Segment Start: SUPPLIED INFORMATION

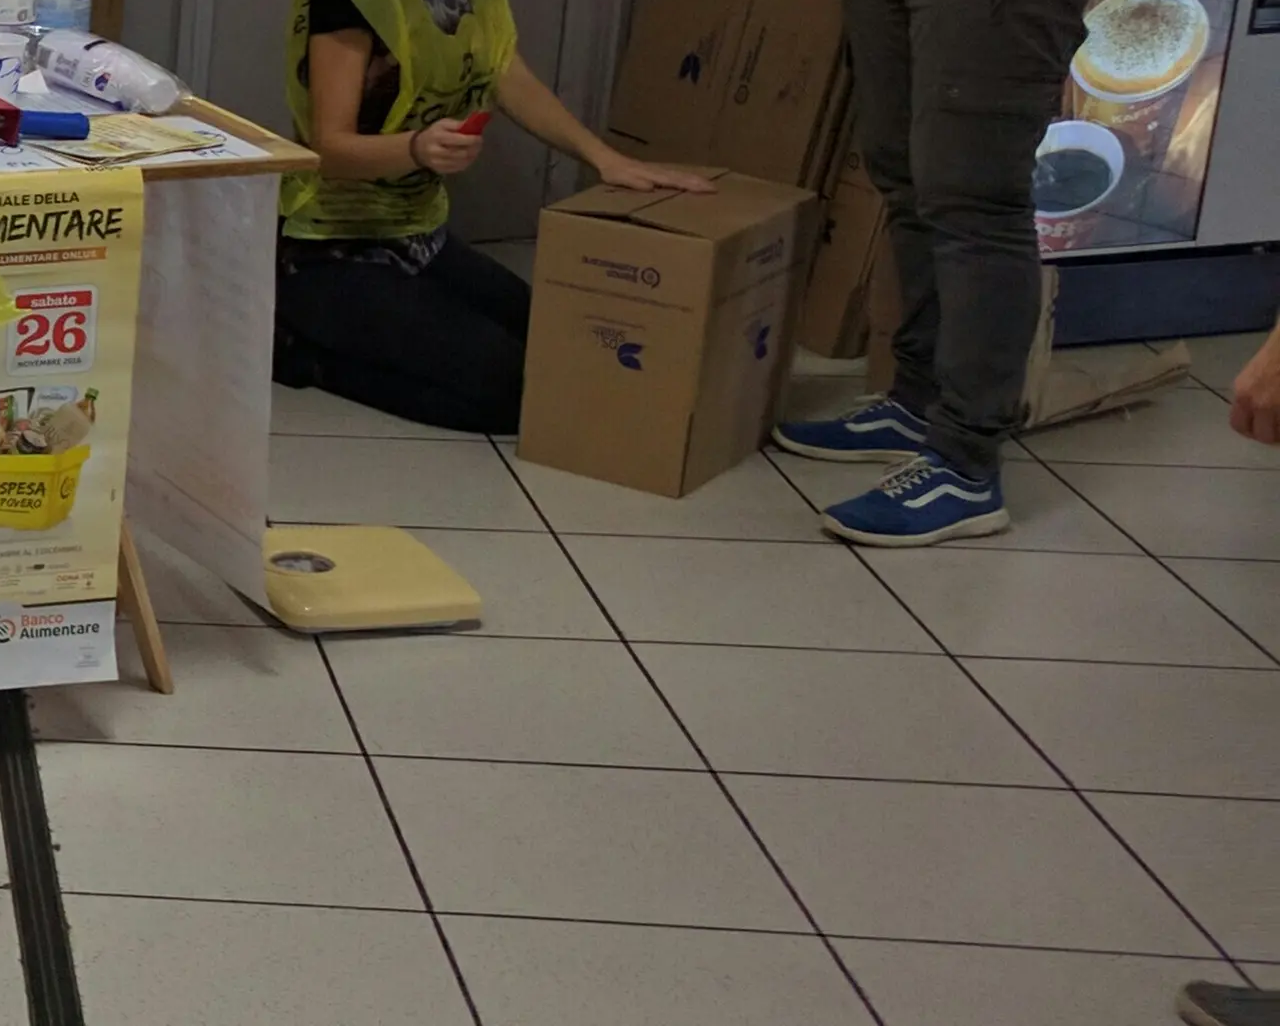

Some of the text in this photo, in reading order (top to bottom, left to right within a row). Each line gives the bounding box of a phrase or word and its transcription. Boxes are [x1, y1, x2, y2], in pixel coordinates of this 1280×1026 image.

[34, 191, 80, 206] DELLA
[61, 248, 98, 261] ONLUS
[30, 294, 78, 309] sabato
[15, 310, 88, 357] 26
[16, 357, 62, 369] NOVEMBRE
[0, 496, 43, 509] POVERO
[21, 613, 64, 626] Banco
[19, 622, 100, 639] Alimentare
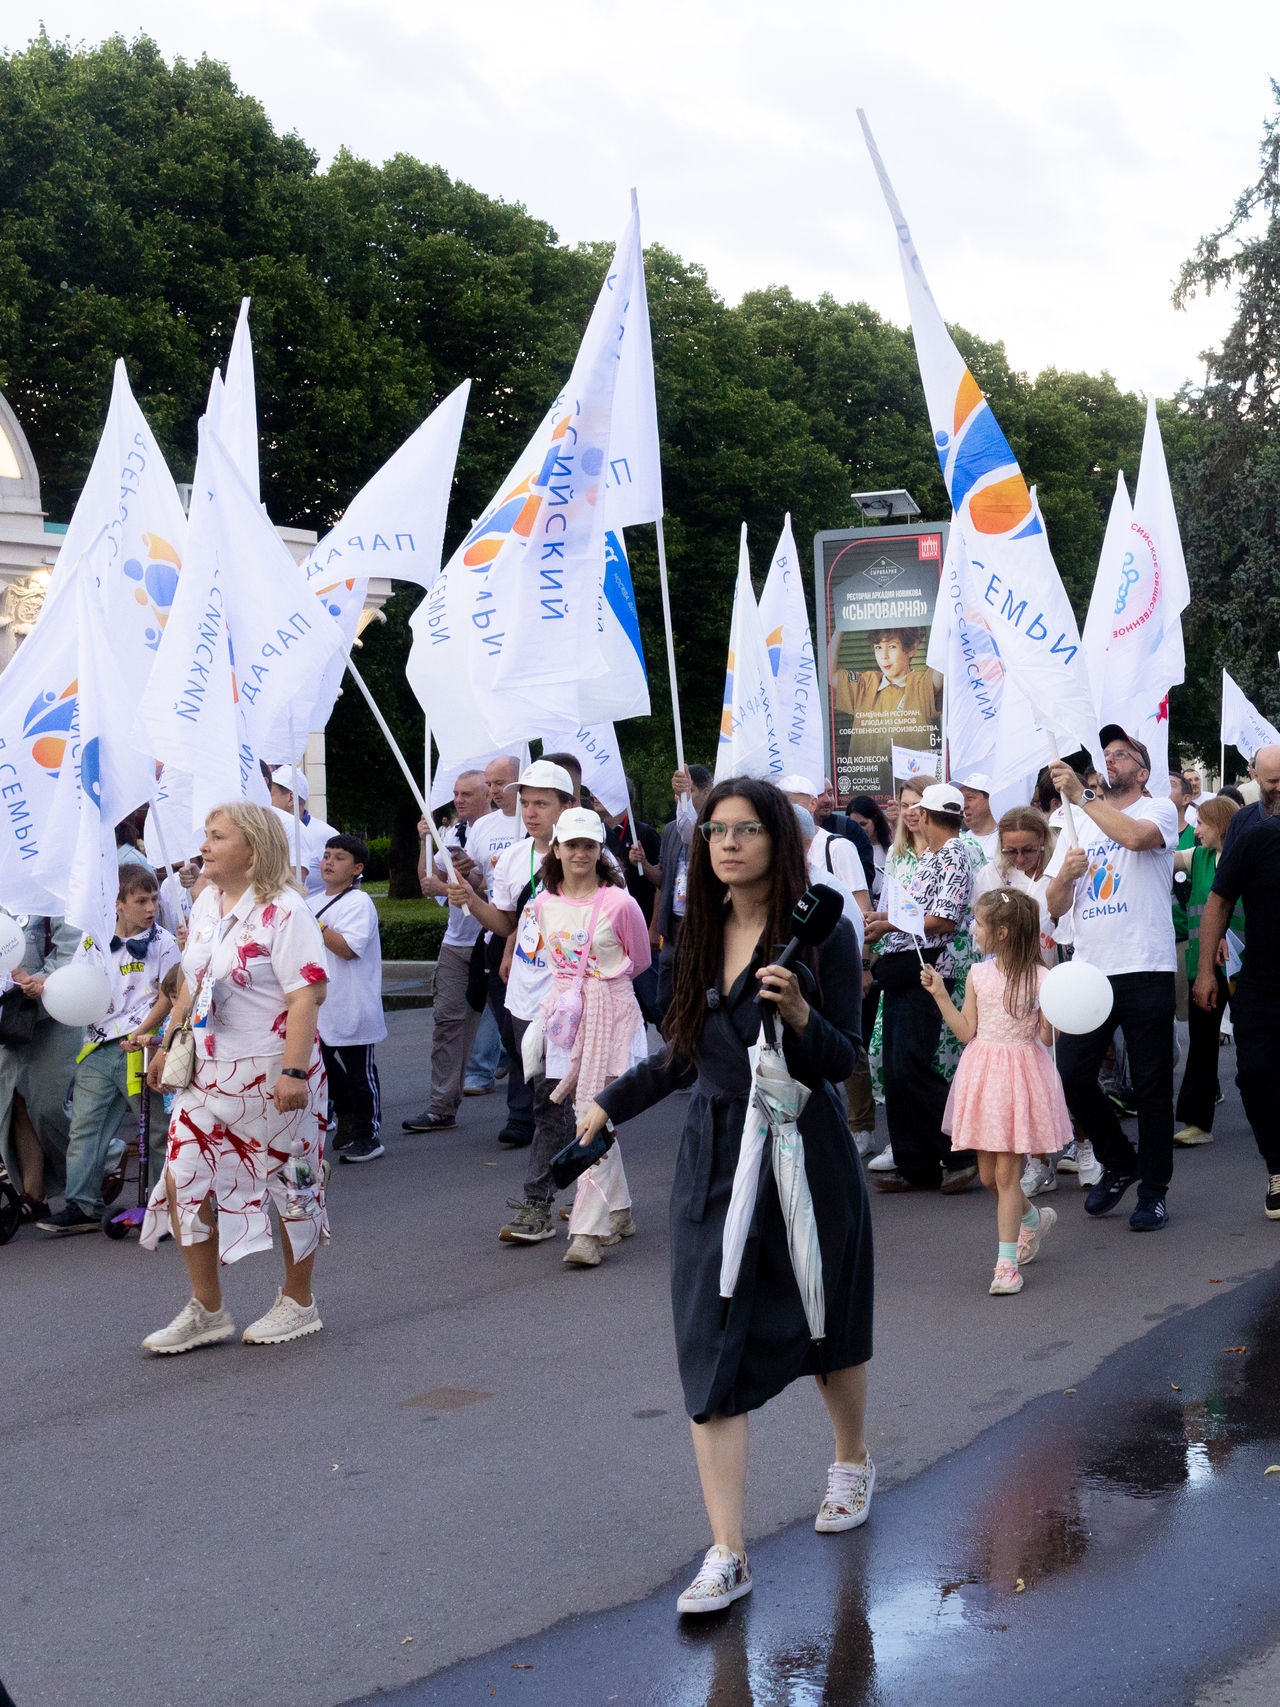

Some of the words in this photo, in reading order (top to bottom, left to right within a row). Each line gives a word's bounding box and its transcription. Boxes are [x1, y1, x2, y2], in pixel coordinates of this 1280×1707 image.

Segment End: SUPPLIED INFORMATION

** THE PROBLEM **
Pictures do not belong in the copy. Please reproduce the entries above exactly otherwise.

** ANSWER BOX **
Some of the text in this photo, in reading order (top to bottom, left to right within a row). Each line gives the bounding box of a phrase or word and its transcription. Boxes are [x1, y1, x2, y2], in pixel coordinates of this 1280×1026 image.

[34, 191, 80, 206] DELLA
[61, 248, 98, 261] ONLUS
[30, 294, 78, 309] sabato
[15, 310, 88, 357] 26
[16, 357, 62, 369] NOVEMBRE
[0, 496, 43, 509] POVERO
[21, 613, 64, 626] Banco
[19, 622, 100, 639] Alimentare

Some of the words in this photo, in reading order (top to bottom, left to right within a row). Each line gives a word's bounding box and its transcription. Boxes are [x1, y1, x2, y2], in pixel coordinates of this 1280×1707 image.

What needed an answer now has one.